#### Records supplied:

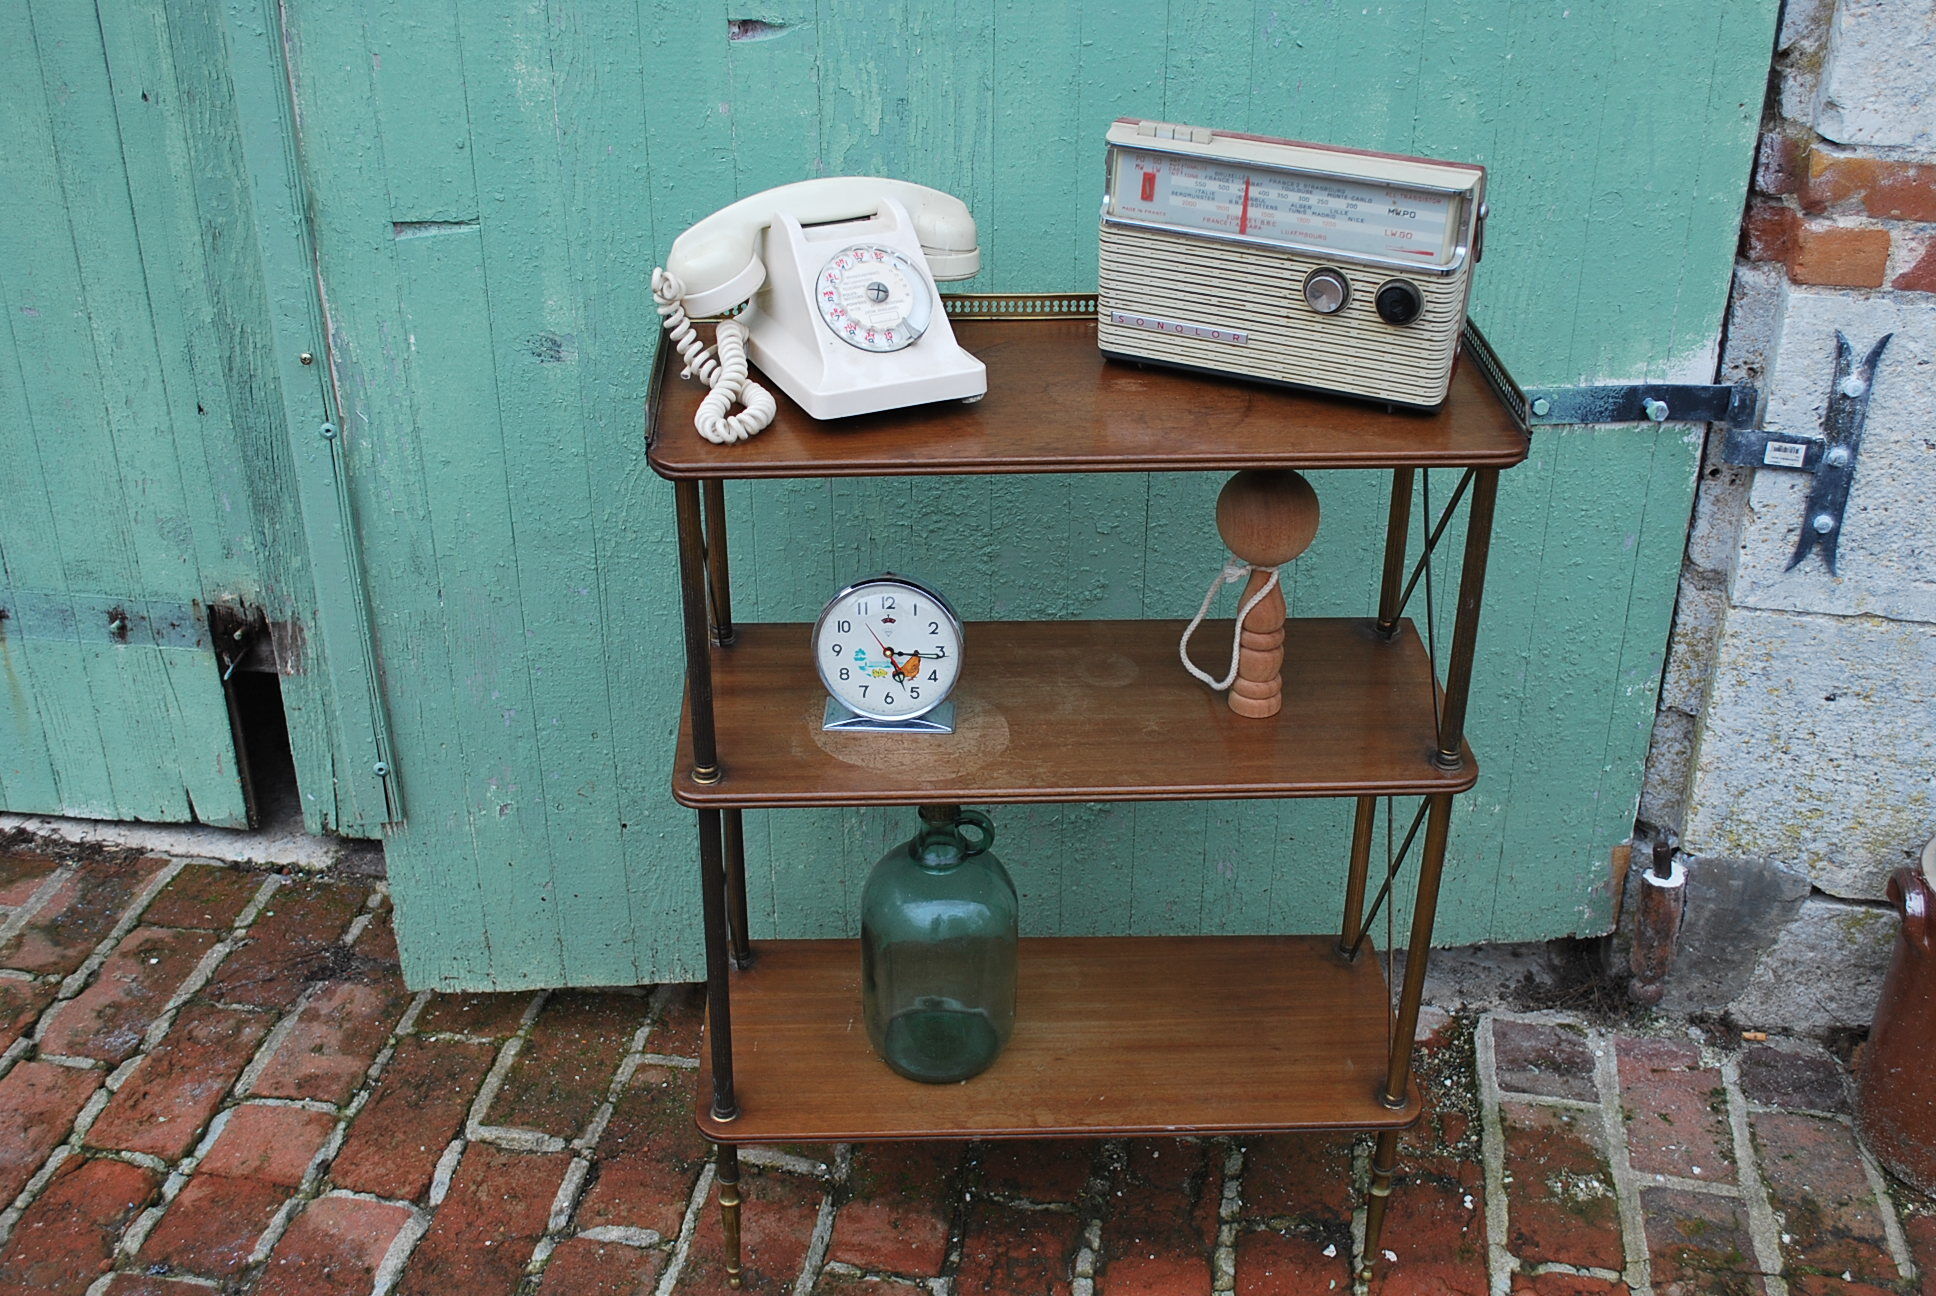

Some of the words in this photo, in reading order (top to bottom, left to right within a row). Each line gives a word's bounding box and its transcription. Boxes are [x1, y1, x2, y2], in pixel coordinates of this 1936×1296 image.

[1347, 216, 1366, 224] NICE
[1118, 315, 1240, 342] SONOLOR
[858, 602, 868, 615] 11
[882, 596, 896, 610] 12
[837, 620, 851, 633] 10
[928, 622, 939, 635] 2
[832, 644, 842, 656] 9
[936, 646, 945, 658] 3
[839, 668, 849, 680] 8
[928, 669, 938, 682] 4
[859, 685, 869, 698] 7
[910, 686, 920, 699] 5
[884, 692, 894, 705] 6
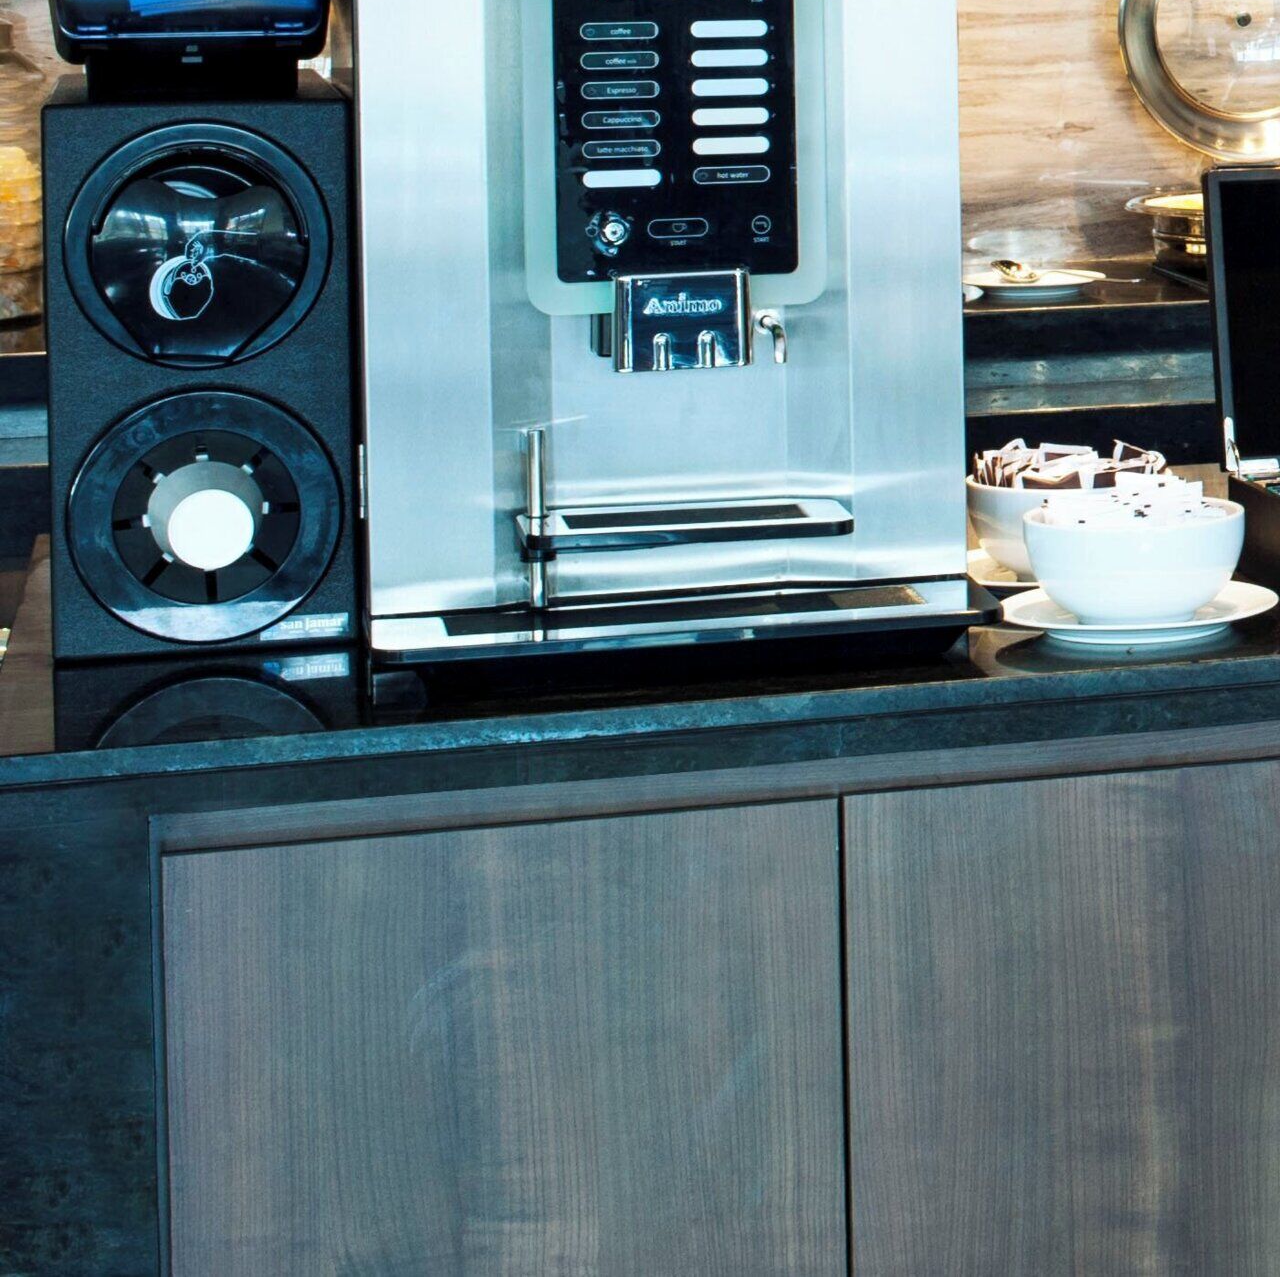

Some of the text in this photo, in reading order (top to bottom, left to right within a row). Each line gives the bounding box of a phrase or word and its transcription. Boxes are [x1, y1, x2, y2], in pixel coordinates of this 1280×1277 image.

[605, 57, 626, 65] coffee
[606, 86, 637, 95] Espresso
[602, 116, 642, 124] Cappuccino
[643, 292, 723, 315] Animo
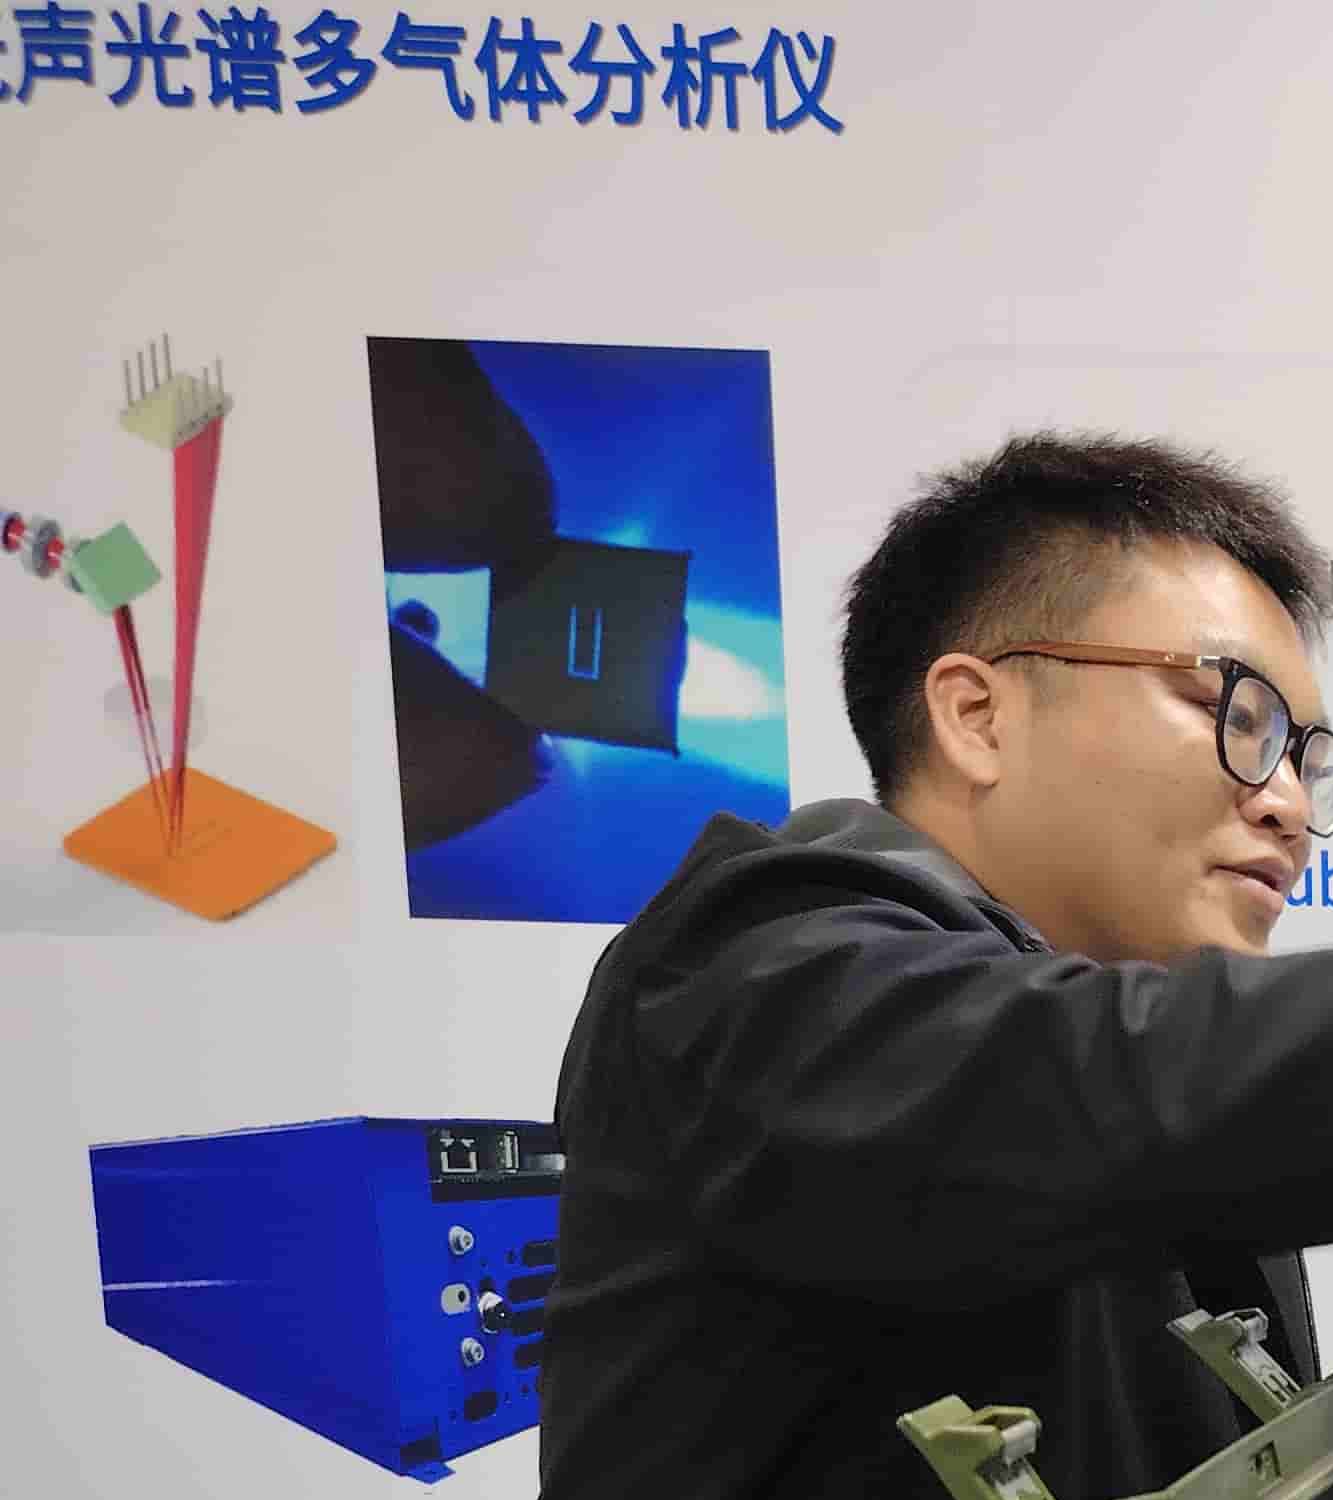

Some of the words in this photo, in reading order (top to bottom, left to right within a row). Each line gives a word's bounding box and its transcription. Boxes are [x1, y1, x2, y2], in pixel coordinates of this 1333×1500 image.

#### Aim of the task:
What you output should match the records line for line, minus the pictures.

#### Exercise output:
Some of the words in this photo, in reading order (top to bottom, left to right within a row). Each line gives a word's bounding box and its transcription. Boxes are [x1, y1, x2, y2], in pixel coordinates of this 1936×1296 image.

[1347, 216, 1366, 224] NICE
[1118, 315, 1240, 342] SONOLOR
[858, 602, 868, 615] 11
[882, 596, 896, 610] 12
[837, 620, 851, 633] 10
[928, 622, 939, 635] 2
[832, 644, 842, 656] 9
[936, 646, 945, 658] 3
[839, 668, 849, 680] 8
[928, 669, 938, 682] 4
[859, 685, 869, 698] 7
[910, 686, 920, 699] 5
[884, 692, 894, 705] 6

Some of the text in this photo, in reading order (top to bottom, left to right within a row). Each line gives the bounding box of a phrase or word and its transcription. Boxes are [x1, y1, x2, y2], in pixel coordinates of this 1280×1277 image.

[605, 57, 626, 65] coffee
[606, 86, 637, 95] Espresso
[602, 116, 642, 124] Cappuccino
[643, 292, 723, 315] Animo

Some of the words in this photo, in reading order (top to bottom, left to right within a row). Each line gives a word's bounding box and its transcription. Boxes are [x1, y1, x2, y2], in pixel coordinates of this 1333×1500 image.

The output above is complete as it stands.